Hello there! What a wonderful welcome I've had - I'm quite overcome! Are you missing Scotland? And do you get home to see your mum? I visited America once, had a lovely time but wouldn't like to live there! But, once grandchildren arrive, life takes on a different meaning - we were going to be emigrating when we retired but our little grandson stole my heart and won't let go!

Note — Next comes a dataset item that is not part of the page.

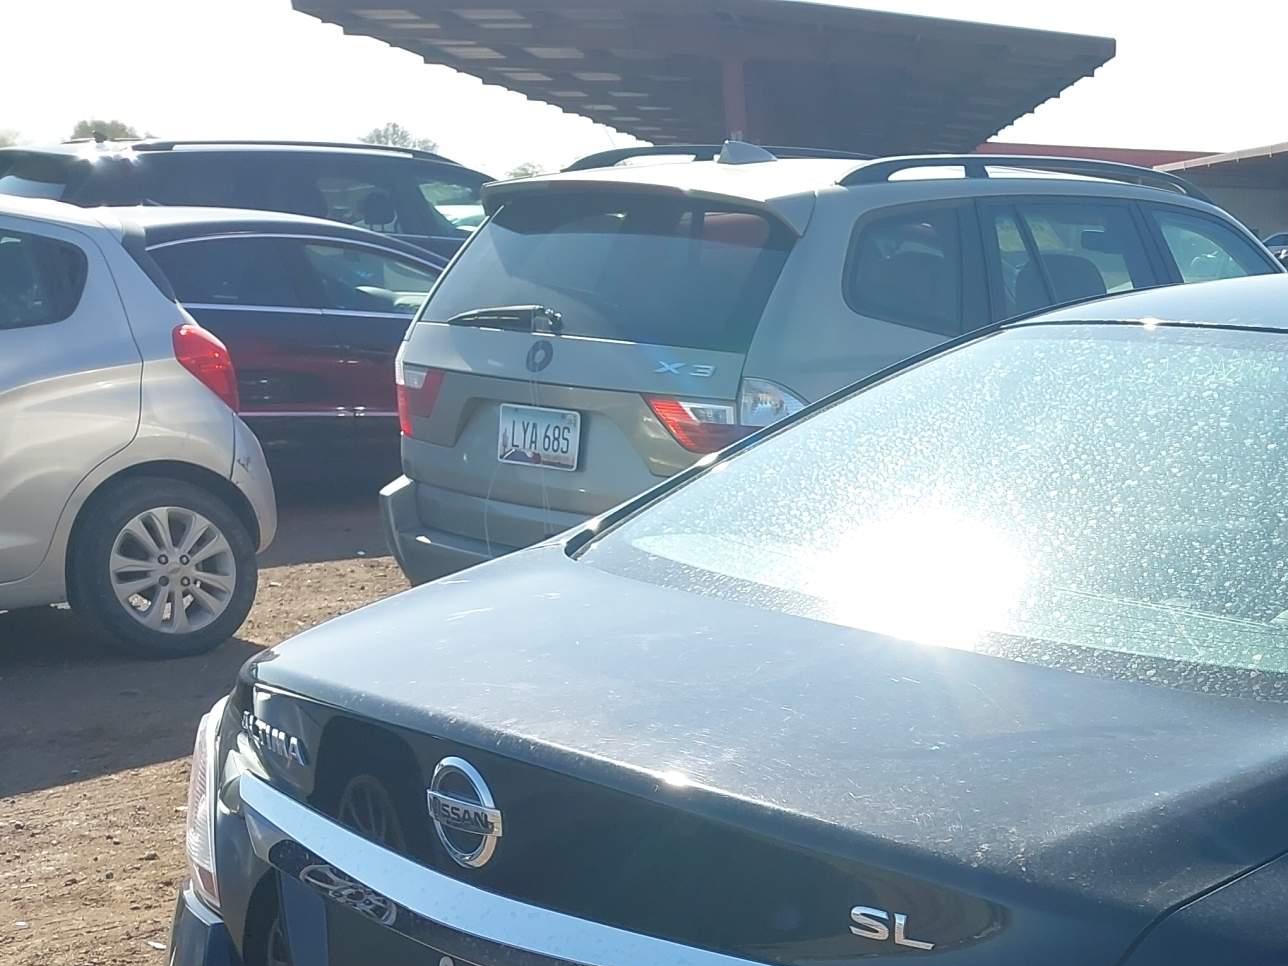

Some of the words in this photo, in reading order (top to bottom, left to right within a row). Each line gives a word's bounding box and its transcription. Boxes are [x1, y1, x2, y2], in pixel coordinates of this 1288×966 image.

I think Halloween is dying out over here to some extent - child protection etc, nobody lets their child out of sight nowadays. It's a shame but not worth any risks!

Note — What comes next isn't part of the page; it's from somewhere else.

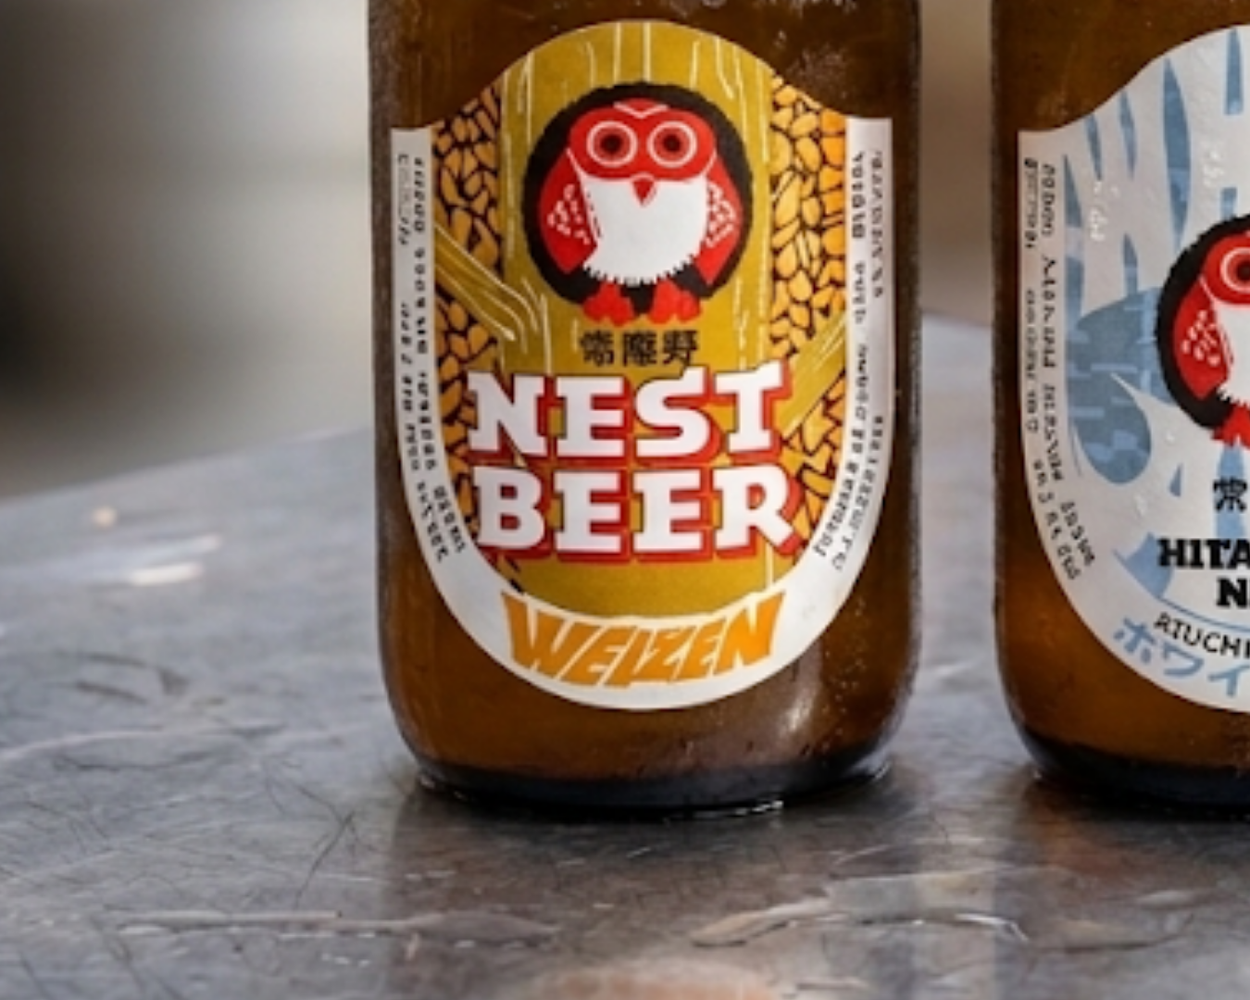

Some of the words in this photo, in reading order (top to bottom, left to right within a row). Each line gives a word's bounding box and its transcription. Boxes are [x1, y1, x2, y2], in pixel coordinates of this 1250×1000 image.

We haven't had snow yet and we didn't have much in our area last year either - well, not in comparison to others! I don't mind the snow but hate it when it's slippery underfoot. I'll stay at home with my knitting! Hope your snow passes over quickly. Keep warm and cosy!
Liz


----------



## LizMiller (Oct 31, 2011)

KateB said:


> Hi Liz I'm from Ayrshire too - Largs. Where are you?


Hi Kate! I'm in West Kilbride, just a bus ride away from you - beware!! :lol:

I'm just finding my way around this list - keep in touch whilst I work out how to add you to my buddy list, if you would like that? Just say no, if you'd prefer - I'll understand!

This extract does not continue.